Divergências marcam discussão na CCJ sobre uso de aromatizantes em cigarros
Deputados
da Comissão de Constituição e Justiça e de Cidadania (CCJ) divergiram,
nesta terça-feira (9), sobre o projeto (PDC 3034/10) que anula os
efeitos da resolução da Anvisa que veda o uso de aditivos para alterar o
aroma de produtos derivados do fumo, como o cigarro. A meta da agência é
proibir a indústria de fumo de utilizar aromatizantes e flavorizantes,
como cravo, mentol e outras substâncias em seus produtos.
Depois
de quase duas horas, a análise da proposta precisou ser adiada por
conta do início da Ordem do Dia do Plenário. Pelo Regimento Interno da
Câmara, não pode haver deliberação nas comissões e no Plenário ao mesmo
tempo.
Polêmica
Para
o autor do projeto, deputado Luis Carlos Heinze (PP-RS), ao pretender a
proibição dos aromatizantes, a Anvisa extrapola os poderes a ela
conferidos por lei, usurpa uma prerrogativa do Legislativo e traz
consequências negativas para os produtores. “A resolução vai prejudicar
250 mil famílias de agricultores e, indiretamente, toda a cadeia
produtiva do tabaco”, disse Heinze.
Por
outro lado, parlamentares favoráveis à vedação defendem a prerrogativa
da agência de legislar sobre o assunto. Segundo o deputado Cesar Colnago
(PSDB-ES), que é médico, quando o tema diz respeito à saude ou à
letalidade da população, a Anvisa tem, sim, a prerrogativa de
regulamentar.
Em
decisão liminar, a Justiça Federal já suspendeu, temporariamente, as
ações da Anvisa. A Confederação Nacional da Indústria (CNI) também foi
ao Supremo Tribunal Federal (STF) para questionar a constitucionalidade
da medida.
Prerrogativas
A
divisão de opiniões ficou explícita quando um requerimento que pedia a
retirada de pauta da proposta foi rejeitado por 20 votos a 19. “Está
comprovado que o tabaco é responsável por 95% dos casos de câncer de
boca, por 80% dos cânceres de pulmão e por 45 % das doenças
coronarianas”, destacou Colnago. “E nós vamos aqui sustar uma resolução
que beneficia a saúde da população?”, questionou.
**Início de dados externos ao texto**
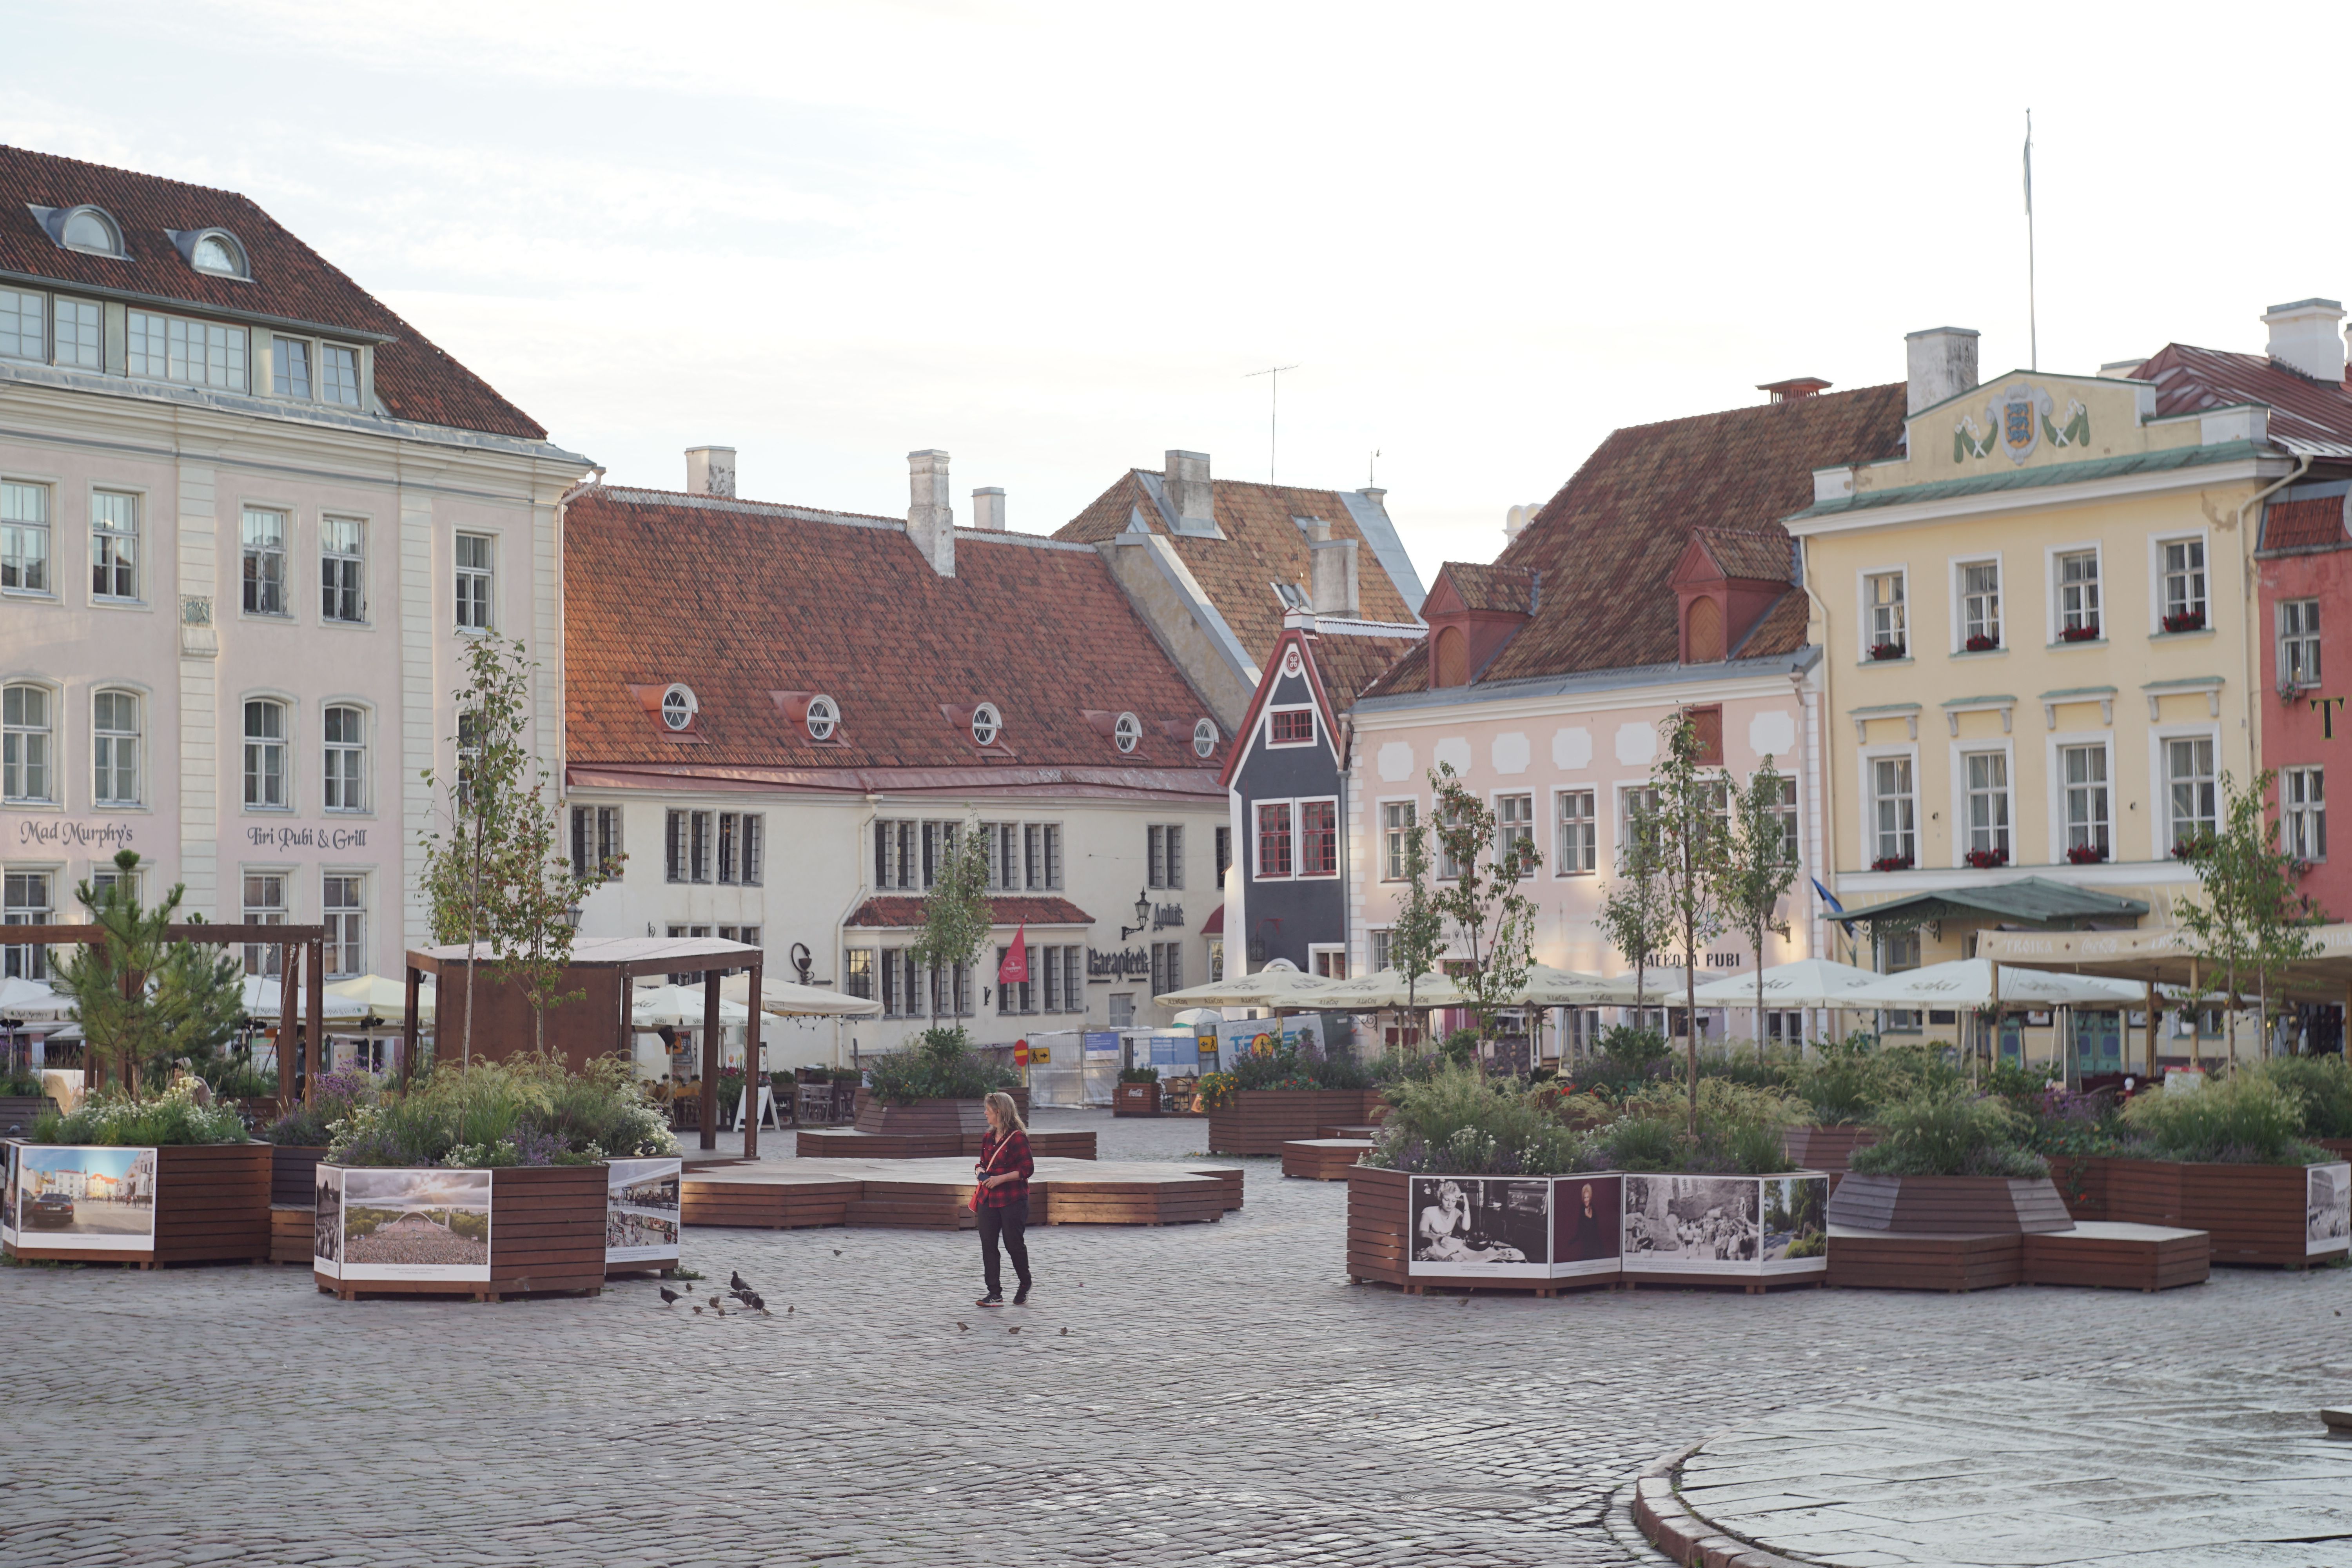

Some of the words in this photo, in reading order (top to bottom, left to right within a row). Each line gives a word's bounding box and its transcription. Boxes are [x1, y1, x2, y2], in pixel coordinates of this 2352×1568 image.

Para ele, o País não
estaria prejudicando os produtores de fumo, que poderiam continuar
produzindo cigarros sem os referidos aditivos, ou ainda, produzir com
aditivos apenas para exportação.
Por
sua vez, o deputado Moreira Mendes (PSD-RO) ressaltou que o debate não é
sobre os malefícios do cigarro à saúde humana, mas, sim, a respeito da
legitimidade da agência para regular a matéria. “Não estamos discutindo
se a liberação dos aromatizantes em cigarros é legal ou não. Eu,
pessoalmente, sou contra o fumo, porém aqui defendo a legalidade”,
comentou o deputado, que representa a bancada ruralista. “E por não
abrir mão da legalidade, sou a favor de derrubar essa resolução, que foi
feita ao arrepio da lei”, completou.
O
deputado Efraim Filho (DEM-PB) tem a mesma opinião: “A Anvisa, de forma
sorrateira, extrapolou as competências a ela conferidas por lei e
usurpou o papel do Poder Legislativo”, reforçou.
Riscos à saúde
Já
o deputado Alessandro Molon (PT-RJ) entende que a crítica de que a
Anvisa estaria extrapolando uma prerrogativa do Congresso não se
justifica, uma vez que o próprio Legislativo, em três oportunidades, já
votou favoravelmente à proibição. “O Congresso já votou pela proibição
desses aditivos quando aprovou, em 2005, a
Convenção Quadro para o Controle do Tabaco e quando, ainda nesta
legislatura, rejeitou a inclusão na Medida Provisória 540/11 da
tentativa de legalizar esses aditivos”, citou. Molon também sustentou
que a Lei 9.782/99 assegura à Anvisa a competência de regular, controlar
e fiscalizar produtos que envolvam risco à saúde humana.
Antes
de chegar à CCJ, o projeto de Heinze foi aprovado na Comissão de
Agricultura, Pecuária, Abastecimento e Desenvolvimento Rural e rejeitado
na Comissão de Seguridade Social e Família.